In Camino Real, poet Lily Jarman-Reisch details a roadtrip in the exhausted American West, from the Pacific Coast, echoing Lord Byron’s quest for inspiration in Tennessee Williams’ 1953 play of the same name, Camino Real. Touching on the ravages of industrialism and the harsh contrast between expectation and reality, Lily Jarman-Reisch’s Camino Real leaves the reader in a state of limbo, much like the narrator of the piece.
Camino Real
“…. And if I sit patiently…in the absolute silence of Athens, possibly, yes, still possibly, the old pure music will return at last….on the other hand, I may hear only the sound of little insects in the grass.”

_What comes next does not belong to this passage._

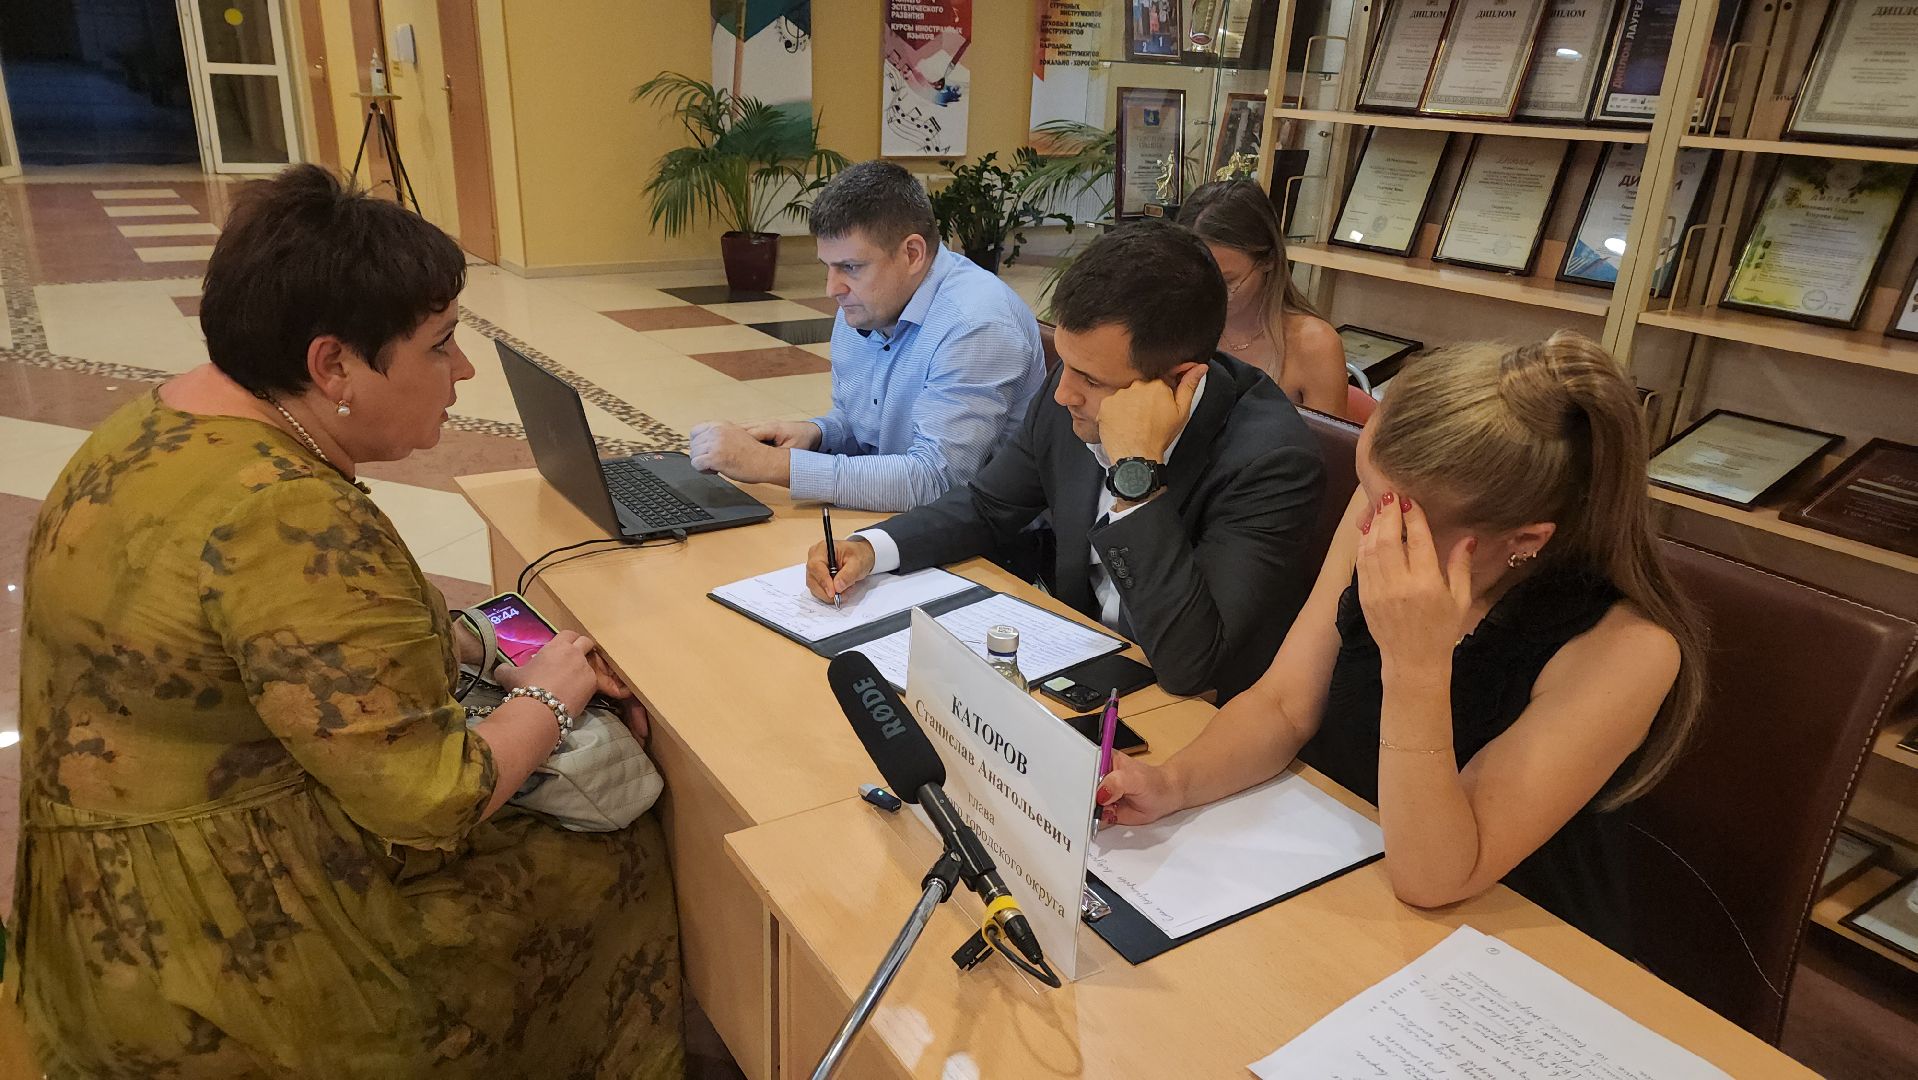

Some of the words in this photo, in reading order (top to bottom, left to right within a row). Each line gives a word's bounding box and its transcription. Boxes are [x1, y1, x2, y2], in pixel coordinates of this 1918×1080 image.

-Tennessee Williams, Camino Real
I rent a Chevy convertible
on a whim to go west,
toss a bag in the trunk,
old AAA map on the dash,
I flee from the east,
windows lowered to deny the chill,
sip lemon tea
to taste the honey-hued Eden at continent’s edge,
orange groves beneath the San Gabriels
before they were smudged by smog,
fruit trees flattened by the 405.
I rush toward rock of red sandstone,
coppered light of the Badlands,
Westerlies scented with prairie sage,
breath of bison and bighorn sheep.
I picture myself in the pathless peaks of the Bitterroots,
in shadows of hoodoos lit by the moon
finding the road back to my own grand silence,
a plain of sweet-smelling grasses swept by the wind,
but beyond the windshield
is the road I’m on
in a sun-drained flatland,
naked and maimed,
that leads somewhere,
scar by scar.

Lily Jarman-Reisch
Lily Jarman-Reisch graduated from the University of California, Berkeley, and the University of Michigan, Ann Arbor. She has been a journalist in Washington, D.C., and Athens, Greece, where she lived aboard a small boat she sailed throughout the Aegean and Ionian Seas. She has held administrative and teaching positions at the Universities of Michigan and Maryland, sailed across the Atlantic, and hiked on four continents. Her poems appear in 3rd Wednesday, 1807, Snapdragon, MONO, As You Were, and international literary journals.
Nice. Like the scenic language, the turn of the poem. Know and love the local myself.